Marine and Freshwater Research Marine and Freshwater Research Society
Advances in the aquatic sciences
RESEARCH ARTICLE

Slow life-history traits of a neritic predator, the bronze whaler (Carcharhinus brachyurus)

Michael Drew A C , Paul Rogers B and Charlie Huveneers A B
+ Author Affiliations
- Author Affiliations

A School of Biological Sciences, Flinders University, Bedford Park, Adelaide, SA 5043, Australia.

B Threatened, Endangered and Protected Species Subprogram, Marine Ecosystems Program, South Australian Research and Development Institute – Aquatic Sciences, West Beach, Adelaide, SA 5024, Australia.

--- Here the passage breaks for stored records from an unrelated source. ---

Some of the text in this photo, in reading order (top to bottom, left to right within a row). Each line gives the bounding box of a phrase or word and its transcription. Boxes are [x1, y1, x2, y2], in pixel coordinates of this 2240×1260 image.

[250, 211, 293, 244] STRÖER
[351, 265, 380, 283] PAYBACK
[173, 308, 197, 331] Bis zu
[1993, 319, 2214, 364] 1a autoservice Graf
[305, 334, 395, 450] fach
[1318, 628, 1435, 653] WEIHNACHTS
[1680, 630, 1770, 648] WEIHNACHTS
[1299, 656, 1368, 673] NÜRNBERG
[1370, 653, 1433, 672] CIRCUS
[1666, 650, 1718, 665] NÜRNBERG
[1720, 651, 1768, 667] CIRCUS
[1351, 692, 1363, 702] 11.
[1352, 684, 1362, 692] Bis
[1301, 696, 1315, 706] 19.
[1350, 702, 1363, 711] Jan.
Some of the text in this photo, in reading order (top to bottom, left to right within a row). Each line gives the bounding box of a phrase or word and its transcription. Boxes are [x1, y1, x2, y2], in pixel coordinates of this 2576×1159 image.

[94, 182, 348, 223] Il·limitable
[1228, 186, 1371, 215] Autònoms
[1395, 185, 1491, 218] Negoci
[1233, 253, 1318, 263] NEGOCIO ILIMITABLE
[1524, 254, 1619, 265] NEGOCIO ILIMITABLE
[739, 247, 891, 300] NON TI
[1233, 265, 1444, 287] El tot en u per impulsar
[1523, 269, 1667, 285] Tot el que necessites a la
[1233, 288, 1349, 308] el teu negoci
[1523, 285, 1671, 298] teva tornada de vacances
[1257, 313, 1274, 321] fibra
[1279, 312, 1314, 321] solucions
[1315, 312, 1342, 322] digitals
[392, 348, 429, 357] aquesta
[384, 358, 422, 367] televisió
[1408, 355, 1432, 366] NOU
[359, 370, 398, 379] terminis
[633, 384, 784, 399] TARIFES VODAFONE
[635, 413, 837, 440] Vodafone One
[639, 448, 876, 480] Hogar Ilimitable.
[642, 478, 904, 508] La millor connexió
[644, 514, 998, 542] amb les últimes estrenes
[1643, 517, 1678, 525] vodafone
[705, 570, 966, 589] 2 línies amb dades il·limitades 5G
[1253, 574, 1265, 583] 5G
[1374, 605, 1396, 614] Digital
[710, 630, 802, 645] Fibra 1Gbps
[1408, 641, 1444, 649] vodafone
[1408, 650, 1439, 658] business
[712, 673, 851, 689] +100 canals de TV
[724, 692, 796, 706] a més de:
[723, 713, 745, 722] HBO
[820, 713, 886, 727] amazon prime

C Corresponding author. Email: michael.drew@flinders.edu.au

Marine and Freshwater Research 68(3) 461-472 https://doi.org/10.1071/MF15399
Submitted: 21 October 2015  Accepted: 13 February 2016   Published: 16 May 2016

Abstract

Intra-species plasticity in the life-history characteristics of sharks leads to the need for regional estimates to accurately determine resilience to anthropogenic effects. The present study provides the first length-at-age, growth and maturity estimates for the bronze whaler (Carcharhinus brachyurus) from southern Australia. Age estimates were obtained from vertebral sections of 466 individuals spanning 50–308-cm total length. Maximum estimates of age for males and females were 25 and 31 years respectively. The three-parameter logistic model for females (L = 308 cm LT, k = 0.15, α = 742) and for males (L = 317 cm LT, k = 0.13, α = 782) provided the best fit to the size at age data. Males matured at a similar age (16 years), but smaller size than females (224 v. 270 cm LT). Growth parameters and age-at-maturity estimates were similar to those for genetically isolated C. brachyurus populations, and the sympatric dusky shark (C. obscurus). The southern Australian C. brachyurus population is long-lived, slow growing and late maturing. These growth parameters are needed to undertake demographic analyses to assess the resilience of C. brachyurus to fishing, and provide an example of a wide-ranging elasmobranch with similar life-history characteristics across isolated populations.

Additional keywords: age and growth, copper shark, fisheries, reproduction, South Australia.